Carry-On Packing Guide To Survive Winter Storm Flight Delays & Cancellations
Whether it’s a once-in-a-decade blizzard over the midwest, a corrupted file crashing flight systems at the FAA, or just a lot of regular ice and snow; we all know winter storm flight delays are common between December and February.
In December 2022 over a four day period, US airlines canceled 12,000 flights (and on average 60,000 get canceled per year in the continental US). So if you’re flying during Jack Frost’s favorite season, you need to accept the idea that winter weather is likely to strand you at the airport. To help you out, we pulled together our favorite tips on what to pack before you leave your home that will make a delay or cancellation more bearable. Let’s dive in.
What To Pack When You’re Expecting to Fly In Bad Winter Weather
At Knack we’re big proponents of One Bag living so we're going to start with the fundamental tip of never checking a bag during winter unless you absolutely have to (checked bags often get lost when there are airline delays and cancellations). We’ll go into additional tips below, but in case your flight is leaving soon, here’s a brief checklist of what you should pack in your carry-on.
- Emergency Tequila Shot (or Two or Three)
- Snacks or a Small Meal
- Pillow, Blanket, or Neck Pillow
- Entertainment (Books, Magazines, Tablets)
- Sleep Aids
- One Change of Clothes
- Work Items (Beyond Your Laptop, Tablet, And Important Documents)
- Noise Canceling Headphones
- VPN & External Internet Access
- Power Strip
- External Battery Packs
- Charging Cables for All Devices
- Non-liquid Toothpaste & Shampoo
- Hand Sanitizer & Medicine
The Carry-On Constraints To Remember When Winter Flying
A carry-on (usually 22x14x9 inches or smaller) has to fit in the overhead compartment of the plane or under the seat in front of you, it can’t contain any liquid containers more than 3.4 ounces in size, and it needs to meet your personal traveling needs, which might include lockable zippers, comfortable handles and shoulder straps, waterproof fabric and linings, and so on.
The Ultimate Winter Weather Carry-On Checklist
Before you leave your house to get on a winter flight, double-check that you have all of these things in your carry-on.
Emergency Tequila Shot (or Two or Three)
While the FAA’s rules state you cannot drink your own alcohol on an airplane, the TSA does allow you to bring bottles of alcohol through security in your carry-on bag (so long as they abide by the 3.4 oz rule).
If you’re someone who would want a stiff drink during a multi-hour delay or an overnight cancellation, plan ahead and tuck a few mini-bar bottles into your bag so you don’t have to pay $19 for an airport margarita. Double check your airport’s rules and your local state laws regarding alcohol consumption in airports first though, just in case.
Snacks or a Small Meal
Not only is airport food notoriously expensive, when you’re dealing with delays or cancellations, you might run into the unfortunate reality that most airport restaurants and eateries aren’t open 24/7.
Nothing is worse than getting the bad news that you’re going to be in an airport overnight and then also learning the only place to get food is the vending machine. So supply yourself with long-lasting snacks like beef jerky, granola bars, or sandwiches like PB&J. We recommend you avoid food that could spoil unless your carry-on bag has a cold-food section. Here’s what the TSA food rules are, in case you’re curious.

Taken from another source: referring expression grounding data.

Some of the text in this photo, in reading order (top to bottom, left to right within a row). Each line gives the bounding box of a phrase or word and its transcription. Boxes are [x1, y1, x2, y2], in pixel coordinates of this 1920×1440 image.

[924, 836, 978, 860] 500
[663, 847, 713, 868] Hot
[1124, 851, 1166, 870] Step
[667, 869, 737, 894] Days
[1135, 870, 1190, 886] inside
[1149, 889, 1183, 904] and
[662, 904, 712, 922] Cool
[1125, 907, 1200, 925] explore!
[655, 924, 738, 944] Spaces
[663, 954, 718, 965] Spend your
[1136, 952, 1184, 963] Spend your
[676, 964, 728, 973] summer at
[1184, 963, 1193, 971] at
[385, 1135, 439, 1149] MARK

Pillow, Blanket, or Neck Pillow
If you’re going to have to spend hours on end in an airport, do so in comfort. Look specifically for a hiker’s or backpacker’s blanket as they compact easily and take up minimal space in your bag, plus they’re light. With a blanket, you can also wrap up your extra clothes to create a faux pillow.
If you’re worried about how unprofessional a neck pillow hanging off your carry-on might look, consider getting an inflatable one that won’t take up much space in your bag and is easy to put away.

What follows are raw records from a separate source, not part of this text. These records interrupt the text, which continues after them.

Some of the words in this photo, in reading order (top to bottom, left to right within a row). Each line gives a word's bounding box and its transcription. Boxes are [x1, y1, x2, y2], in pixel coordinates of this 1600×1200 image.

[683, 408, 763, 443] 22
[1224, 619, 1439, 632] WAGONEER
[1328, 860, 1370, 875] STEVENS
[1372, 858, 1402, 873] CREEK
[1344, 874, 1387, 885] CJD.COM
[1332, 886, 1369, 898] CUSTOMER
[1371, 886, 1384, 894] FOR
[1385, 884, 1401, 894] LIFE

Entertainment (Books, Magazines, Tablets)
The worst part of waiting in an airport is often the waiting itself, but a six hour delay isn’t so bad when you’ve got a new book in your carry-on or downloaded onto your tablet.

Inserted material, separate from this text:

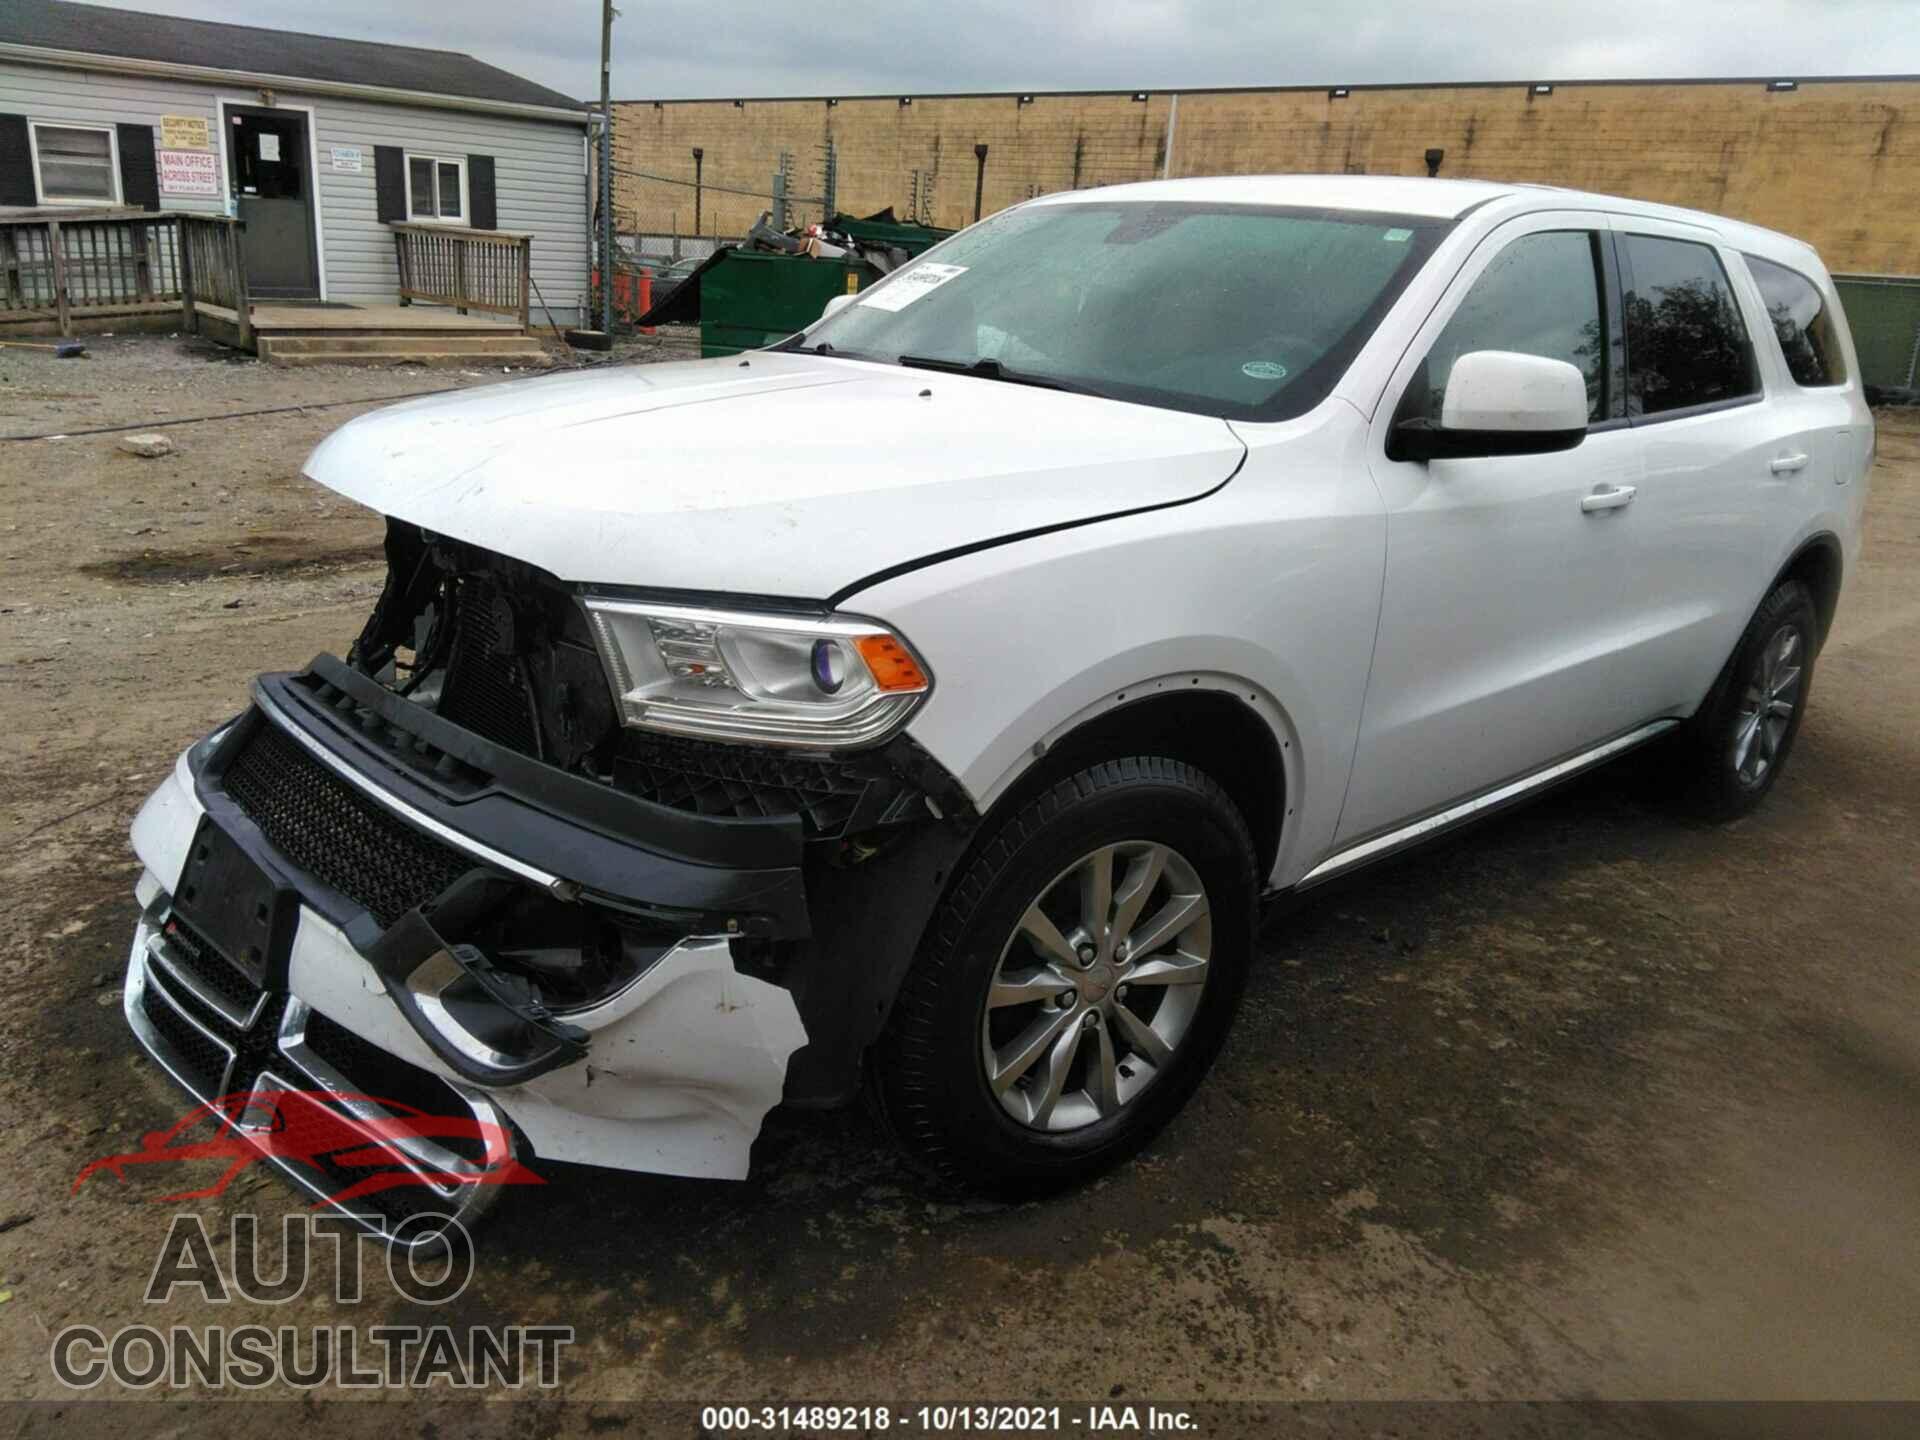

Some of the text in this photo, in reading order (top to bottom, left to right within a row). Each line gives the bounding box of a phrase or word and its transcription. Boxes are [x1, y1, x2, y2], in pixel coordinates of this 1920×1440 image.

[163, 154, 212, 168] MAIN OFFICE
[163, 169, 214, 184] ACROSS STREET

Keep your entertainment in mind when you’re packing during a delay-ridden time of year. Some of the best things you can choose to keep your mind off the delays are small and light, like reading tablets or iPads, magazines, brain teaser puzzles, and the like.
If you’ve ever tried sleeping in an airport, you know how miserable it can be. There’s constant noise, the lights never really dim, you’re not comfortable, and you’re often anxious. So packing some melatonin or another sleep aid can keep you well rested enough to deal with winter travel woes without being too cranky.
If you are going to catch some Z’s in the airport though, lock your bag (or sleep on top of it) just in case. Make sure your bag has lockable zippers and use TSA-approved locks to secure your bag’s compartments.
One Change of Clothes
If you absolutely have to check a bag (which we really recommend that you don’t do during periods of possible winter storm flight delays), make sure that you keep an emergency set of clothes in your carry-on. These can make all the difference between wearing sticky, wet clothes for hours because a 9-year-old spilled his soda on you, or being dry and comfortable. While you're at it we recommend having a separate laundry bag for your dirty clothes and a few packing cubes to keep your clothing organized.
Tech & Work Items:
Work Items (Beyond Your Laptop, Tablet, And Important Documents)
If you’re on a business trip it is likely you’ll have your laptop with you in your carry-on, but don’t stop there. Think about what you might need if you’re unwillingly spending an entire day in the airport.
Will you need a headset to help you make your calls while typing? A wireless keyboard so you can work on your manuscript? A stack of papers you’ve been meaning to grade?
Consider what you’d really hate to not have with you in the event of a day-long winter weather delay, and add it to your carry-on if you can’t live without it. When you’re flying during winter, it’s better to have it and not need it when it comes to business items.
Noise Canceling Headphones
Noise canceling headphones do double duty if you’re flying during icy weather. They’ll help you keep your sanity on the plane and in the waiting area too, and if you are going to end up sleeping in the airport, they can provide you blissful silence to catch some Z’s.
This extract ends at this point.